The global surplus bogeyman recycling mechanism
It's becoming almost a standard narrative that actually the crisis was not caused by the Greek's overborrowing, but instead by inadequate demand in Germany, needing involuntary demand for Germany's exports to stabilise Germany, a demand that later wreaks havoc.
Before this takes hold too tightly, I think it's worth remembering basic open economy models of trade, in which current account surpluses arise naturally, and improve everyone's lot, if they are related to the relative demands and supplies for future consumption, and relative returns.
Thus, as a mature economy, with scope for future income growth limited, and an aging one, with demand for saving higher to provide for old age, it would be natural for capital to flow to countries engaged in a process of catching up levels of average factor productivity in Germany, where marginal returns are higher.
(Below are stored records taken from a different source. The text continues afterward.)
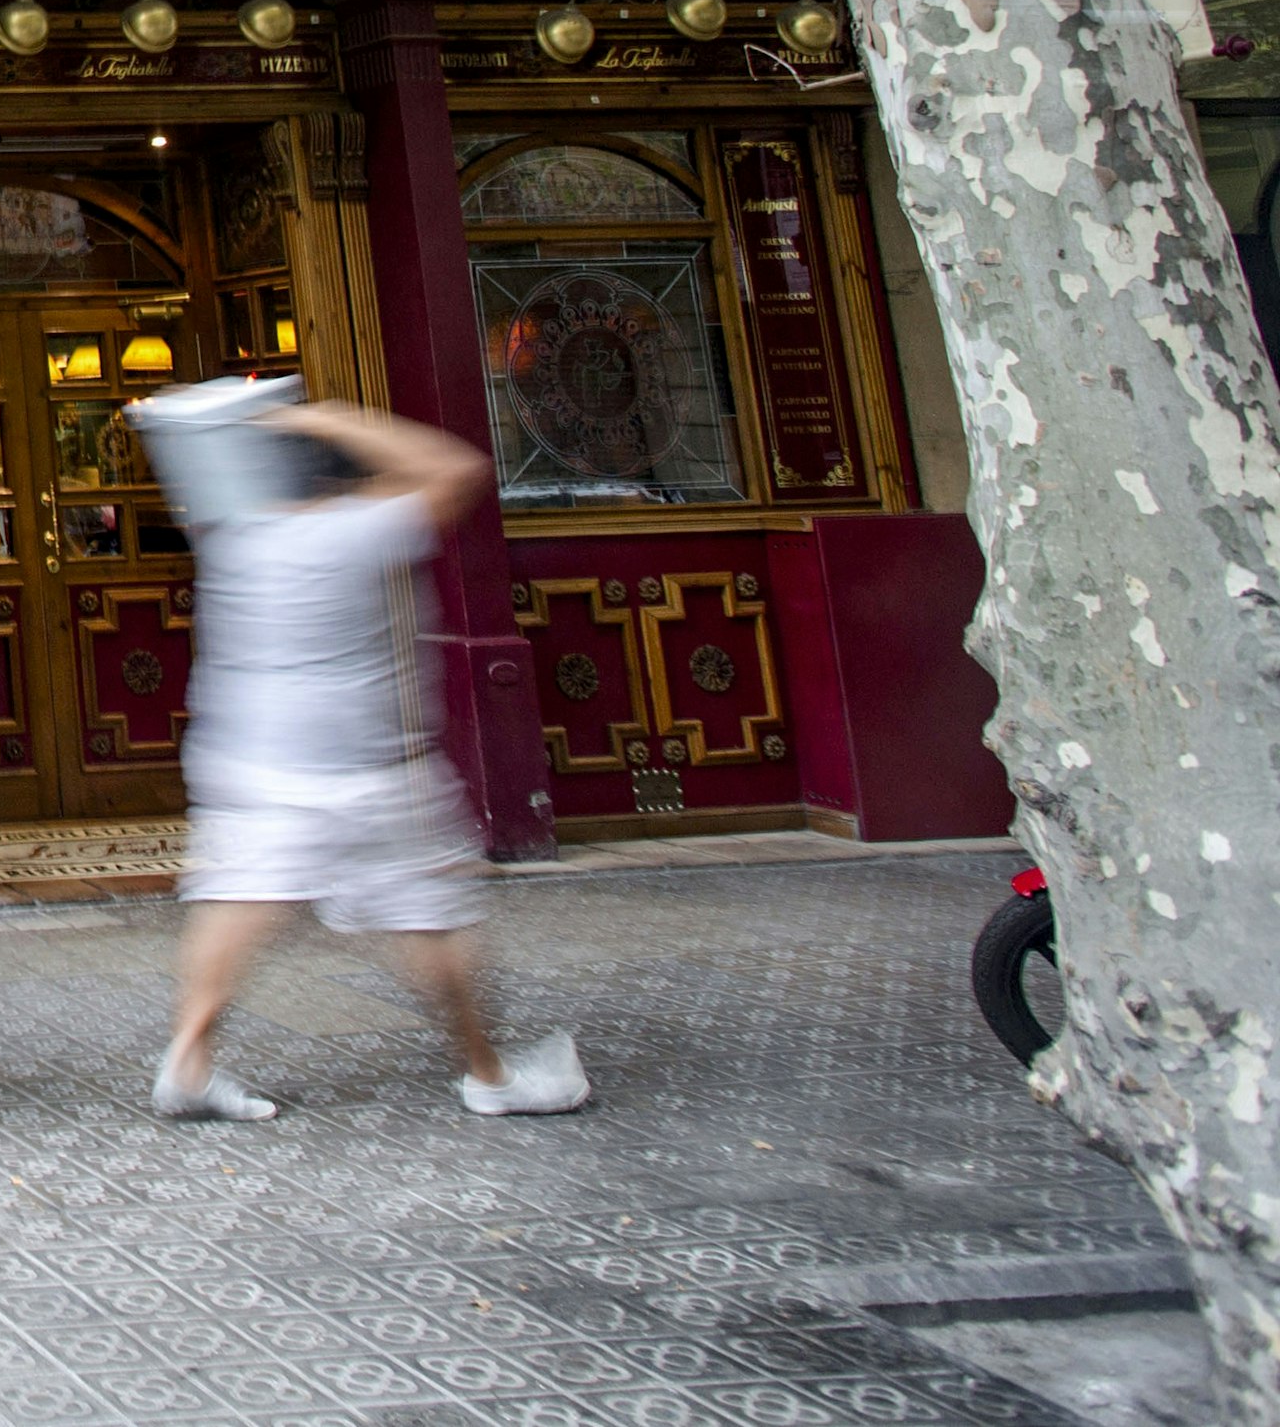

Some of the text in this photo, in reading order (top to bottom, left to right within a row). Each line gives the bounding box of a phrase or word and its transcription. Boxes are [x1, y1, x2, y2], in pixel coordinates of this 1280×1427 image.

[596, 47, 620, 68] La
[621, 43, 697, 71] Tagliatella
[95, 54, 175, 80] Tagliatella
[260, 57, 328, 73] PIZZERIE
[743, 197, 799, 214] Antipasti
[760, 237, 793, 246] CREMA
[760, 292, 811, 301] CARPACCIO
Like Greece for instance.
In such a world, policy could shut off this intertemporal trade, but at great cost to both parties.
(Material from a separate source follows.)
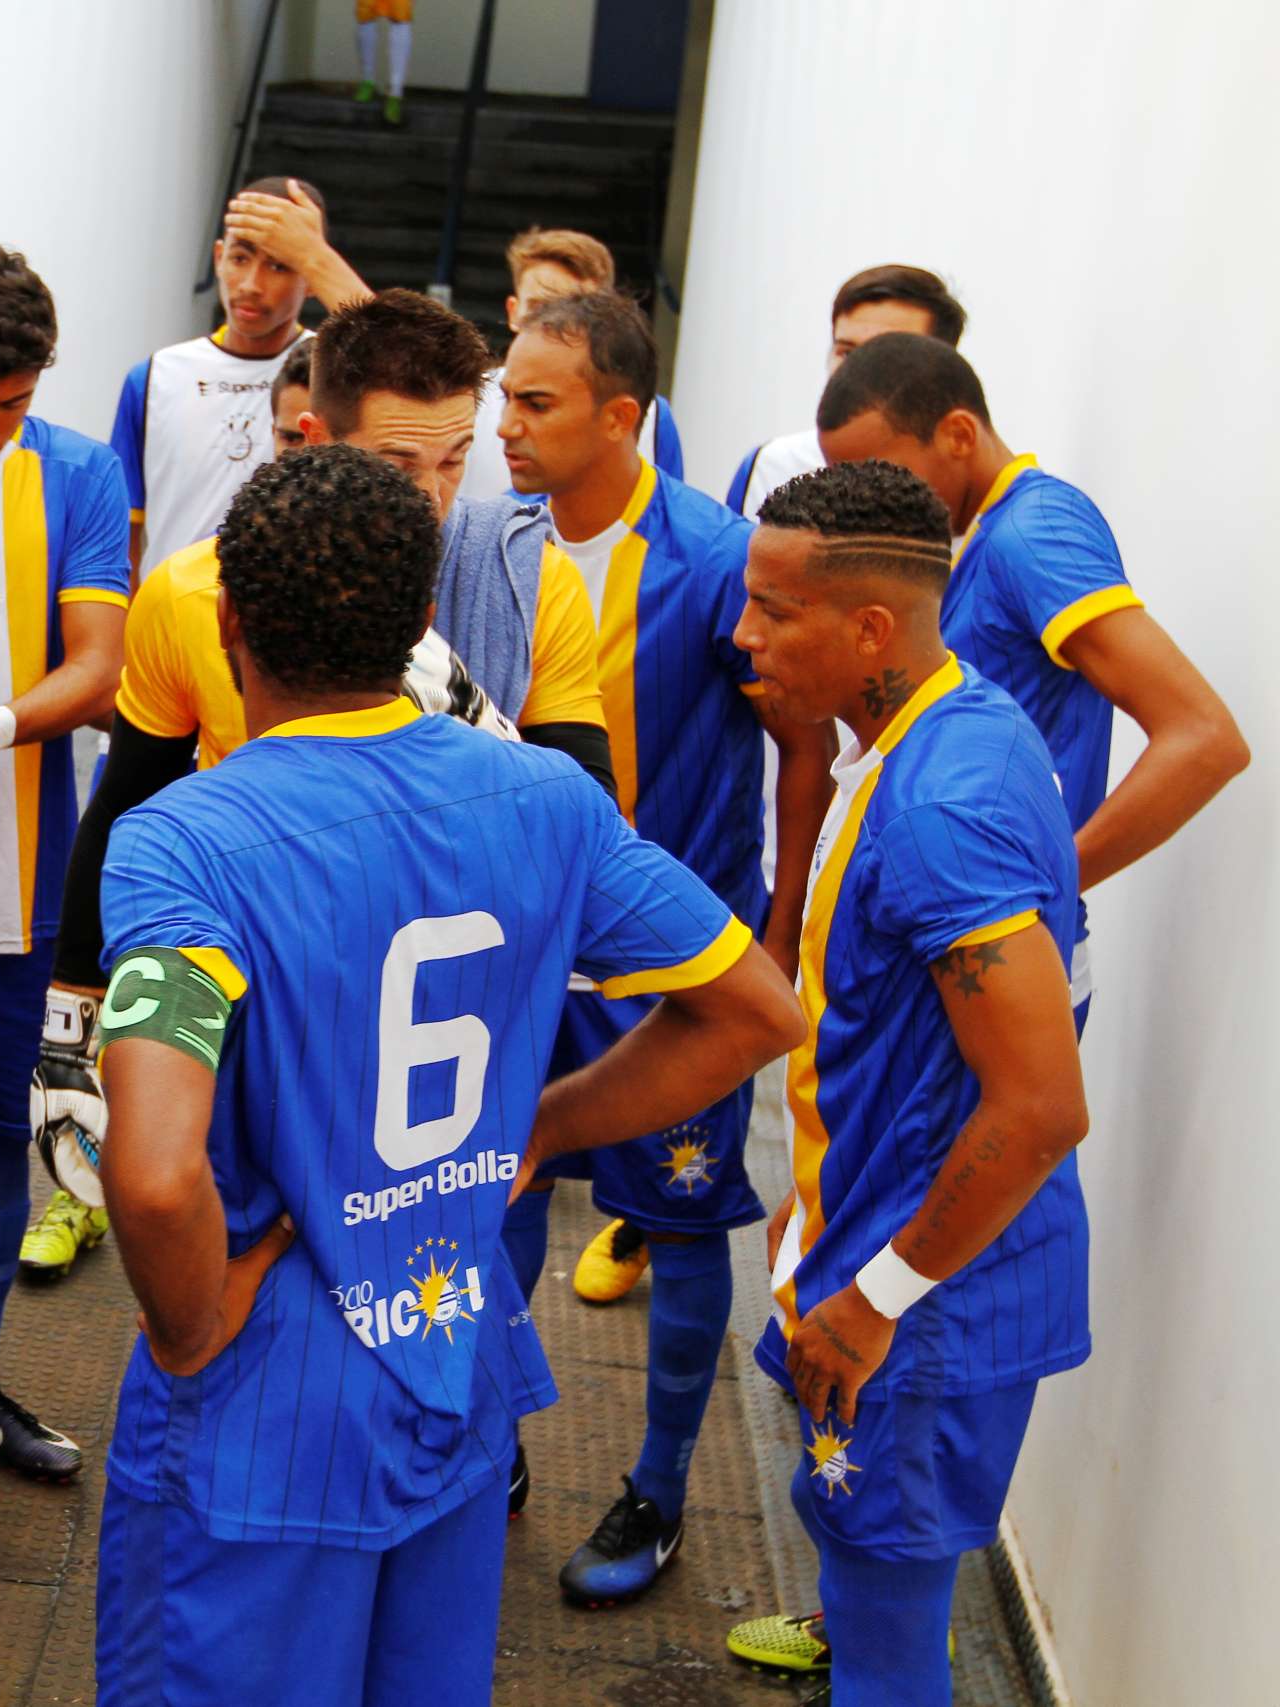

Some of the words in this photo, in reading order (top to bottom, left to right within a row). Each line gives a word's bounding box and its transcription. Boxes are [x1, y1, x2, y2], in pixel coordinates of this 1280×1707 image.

Part of the standard narrative is that this pernicious German saving was aggravated and helped along by the creation of the Euro, which, because of the weakness of the other countries, meant that German exports were overvalued.
The counterpoint to this is that nominal exchange rate regimes should not matter for anything much, intertemporal trade included, beyond horizons of 5 years or so. Certainly not at the frequency of 2 decades, which is what some of the versions of the evil savings hypothesis deploy.
All is not quite so simple, of course, in the real world. For the welfare improvements long- term current account surpluses and deficits to be there for the having requires that parties on either side of the trade understood the relative income profiles correctly, and also correctly understood the risks around them.
In the case of Greece and the other catch-up countries, it's plausible to think that there ought to have been great uncertainty about just how far, given existing institutions, or plausible assumptions about how they would evolve, Greece's income per head would catch up. And that it was easy, in the early phases of that catch up, to guess the end point wrongly. And we know now that there is much evidence, not least hindsight, that risks were not correctly priced in, or, if they were understood, were understood to be the business of someone else [in the case of mysteriously narrow spreads on EZ peripheral sovereign bonds].
Seen this way, the appropriate response is not radical and far-reaching intervention to prevent countries that want to save from saving, but mechanisms to tackle market failure in risk bearing and risk pricing. Which is what, slowly and clumsily, is going on.
All that said, there are lots of problems with and puzzles for the basic toolkit on which those insights [they aren't mine] are built. But it should take more to displace it than simply the assertion and global recycling of the story of an evil capitalist saving bogeyman.